:: Records excerpted from a collection ::
# # # # # # #

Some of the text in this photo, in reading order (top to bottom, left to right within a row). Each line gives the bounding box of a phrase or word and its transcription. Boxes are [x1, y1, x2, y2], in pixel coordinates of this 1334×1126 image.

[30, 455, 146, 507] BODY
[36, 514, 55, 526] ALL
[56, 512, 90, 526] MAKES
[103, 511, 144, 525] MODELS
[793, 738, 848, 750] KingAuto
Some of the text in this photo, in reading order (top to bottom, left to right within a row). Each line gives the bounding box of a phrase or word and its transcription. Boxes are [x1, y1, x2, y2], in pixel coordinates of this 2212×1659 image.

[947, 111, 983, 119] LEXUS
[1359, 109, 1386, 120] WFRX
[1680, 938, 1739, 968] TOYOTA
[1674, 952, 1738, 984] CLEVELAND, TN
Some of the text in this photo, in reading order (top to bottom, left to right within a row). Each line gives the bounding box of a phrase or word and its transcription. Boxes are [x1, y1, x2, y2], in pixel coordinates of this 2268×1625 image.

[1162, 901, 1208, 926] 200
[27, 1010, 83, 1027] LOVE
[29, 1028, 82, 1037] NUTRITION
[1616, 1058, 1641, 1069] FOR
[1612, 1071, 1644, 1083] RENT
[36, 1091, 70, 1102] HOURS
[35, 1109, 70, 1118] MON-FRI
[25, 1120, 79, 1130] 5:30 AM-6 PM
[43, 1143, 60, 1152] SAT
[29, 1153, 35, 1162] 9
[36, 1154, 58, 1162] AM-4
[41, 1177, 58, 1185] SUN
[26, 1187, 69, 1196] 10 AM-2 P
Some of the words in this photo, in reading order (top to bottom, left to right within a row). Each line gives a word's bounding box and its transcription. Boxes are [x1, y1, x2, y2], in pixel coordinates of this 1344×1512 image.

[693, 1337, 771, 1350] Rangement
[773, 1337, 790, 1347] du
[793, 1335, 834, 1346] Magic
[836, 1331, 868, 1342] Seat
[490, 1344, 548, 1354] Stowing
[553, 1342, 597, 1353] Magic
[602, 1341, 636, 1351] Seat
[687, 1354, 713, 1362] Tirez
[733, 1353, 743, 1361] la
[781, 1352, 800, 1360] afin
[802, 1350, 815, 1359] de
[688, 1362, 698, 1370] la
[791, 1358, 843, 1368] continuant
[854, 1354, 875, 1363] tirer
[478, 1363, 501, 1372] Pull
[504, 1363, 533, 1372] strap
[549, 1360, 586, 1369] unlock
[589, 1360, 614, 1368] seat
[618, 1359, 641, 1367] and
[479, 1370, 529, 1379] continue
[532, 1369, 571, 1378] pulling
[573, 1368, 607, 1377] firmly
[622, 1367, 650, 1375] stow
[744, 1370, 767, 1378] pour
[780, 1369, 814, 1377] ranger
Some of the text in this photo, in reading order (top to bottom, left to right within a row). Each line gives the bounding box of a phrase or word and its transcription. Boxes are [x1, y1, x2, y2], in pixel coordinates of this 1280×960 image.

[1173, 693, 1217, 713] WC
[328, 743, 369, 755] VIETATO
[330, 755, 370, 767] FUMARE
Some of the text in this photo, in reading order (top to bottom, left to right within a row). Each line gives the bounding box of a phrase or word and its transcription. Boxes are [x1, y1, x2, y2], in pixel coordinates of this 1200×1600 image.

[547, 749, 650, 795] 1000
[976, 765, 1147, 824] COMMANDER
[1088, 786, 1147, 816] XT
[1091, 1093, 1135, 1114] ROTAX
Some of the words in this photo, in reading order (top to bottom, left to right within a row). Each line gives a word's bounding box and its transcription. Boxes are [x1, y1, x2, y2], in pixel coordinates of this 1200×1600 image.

# # # # # # #

:: WHAT THIS TASK INVOLVES ::
Restating every entry above word for word is the whole task.

:: EXERCISE ANSWER ::
Some of the text in this photo, in reading order (top to bottom, left to right within a row). Each line gives the bounding box of a phrase or word and its transcription. Boxes are [x1, y1, x2, y2], in pixel coordinates of this 1334×1126 image.

[30, 455, 146, 507] BODY
[36, 514, 55, 526] ALL
[56, 512, 90, 526] MAKES
[103, 511, 144, 525] MODELS
[793, 738, 848, 750] KingAuto
Some of the text in this photo, in reading order (top to bottom, left to right within a row). Each line gives the bounding box of a phrase or word and its transcription. Boxes are [x1, y1, x2, y2], in pixel coordinates of this 2212×1659 image.

[947, 111, 983, 119] LEXUS
[1359, 109, 1386, 120] WFRX
[1680, 938, 1739, 968] TOYOTA
[1674, 952, 1738, 984] CLEVELAND, TN
Some of the text in this photo, in reading order (top to bottom, left to right within a row). Each line gives the bounding box of a phrase or word and its transcription. Boxes are [x1, y1, x2, y2], in pixel coordinates of this 2268×1625 image.

[1162, 901, 1208, 926] 200
[27, 1010, 83, 1027] LOVE
[29, 1028, 82, 1037] NUTRITION
[1616, 1058, 1641, 1069] FOR
[1612, 1071, 1644, 1083] RENT
[36, 1091, 70, 1102] HOURS
[35, 1109, 70, 1118] MON-FRI
[25, 1120, 79, 1130] 5:30 AM-6 PM
[43, 1143, 60, 1152] SAT
[29, 1153, 35, 1162] 9
[36, 1154, 58, 1162] AM-4
[41, 1177, 58, 1185] SUN
[26, 1187, 69, 1196] 10 AM-2 P
Some of the words in this photo, in reading order (top to bottom, left to right within a row). Each line gives a word's bounding box and its transcription. Boxes are [x1, y1, x2, y2], in pixel coordinates of this 1344×1512 image.

[693, 1337, 771, 1350] Rangement
[773, 1337, 790, 1347] du
[793, 1335, 834, 1346] Magic
[836, 1331, 868, 1342] Seat
[490, 1344, 548, 1354] Stowing
[553, 1342, 597, 1353] Magic
[602, 1341, 636, 1351] Seat
[687, 1354, 713, 1362] Tirez
[733, 1353, 743, 1361] la
[781, 1352, 800, 1360] afin
[802, 1350, 815, 1359] de
[688, 1362, 698, 1370] la
[791, 1358, 843, 1368] continuant
[854, 1354, 875, 1363] tirer
[478, 1363, 501, 1372] Pull
[504, 1363, 533, 1372] strap
[549, 1360, 586, 1369] unlock
[589, 1360, 614, 1368] seat
[618, 1359, 641, 1367] and
[479, 1370, 529, 1379] continue
[532, 1369, 571, 1378] pulling
[573, 1368, 607, 1377] firmly
[622, 1367, 650, 1375] stow
[744, 1370, 767, 1378] pour
[780, 1369, 814, 1377] ranger
Some of the text in this photo, in reading order (top to bottom, left to right within a row). Each line gives the bounding box of a phrase or word and its transcription. Boxes are [x1, y1, x2, y2], in pixel coordinates of this 1280×960 image.

[1173, 693, 1217, 713] WC
[328, 743, 369, 755] VIETATO
[330, 755, 370, 767] FUMARE
Some of the text in this photo, in reading order (top to bottom, left to right within a row). Each line gives the bounding box of a phrase or word and its transcription. Boxes are [x1, y1, x2, y2], in pixel coordinates of this 1200×1600 image.

[547, 749, 650, 795] 1000
[976, 765, 1147, 824] COMMANDER
[1088, 786, 1147, 816] XT
[1091, 1093, 1135, 1114] ROTAX
Some of the words in this photo, in reading order (top to bottom, left to right within a row). Each line gives a word's bounding box and its transcription. Boxes are [x1, y1, x2, y2], in pixel coordinates of this 1200×1600 image.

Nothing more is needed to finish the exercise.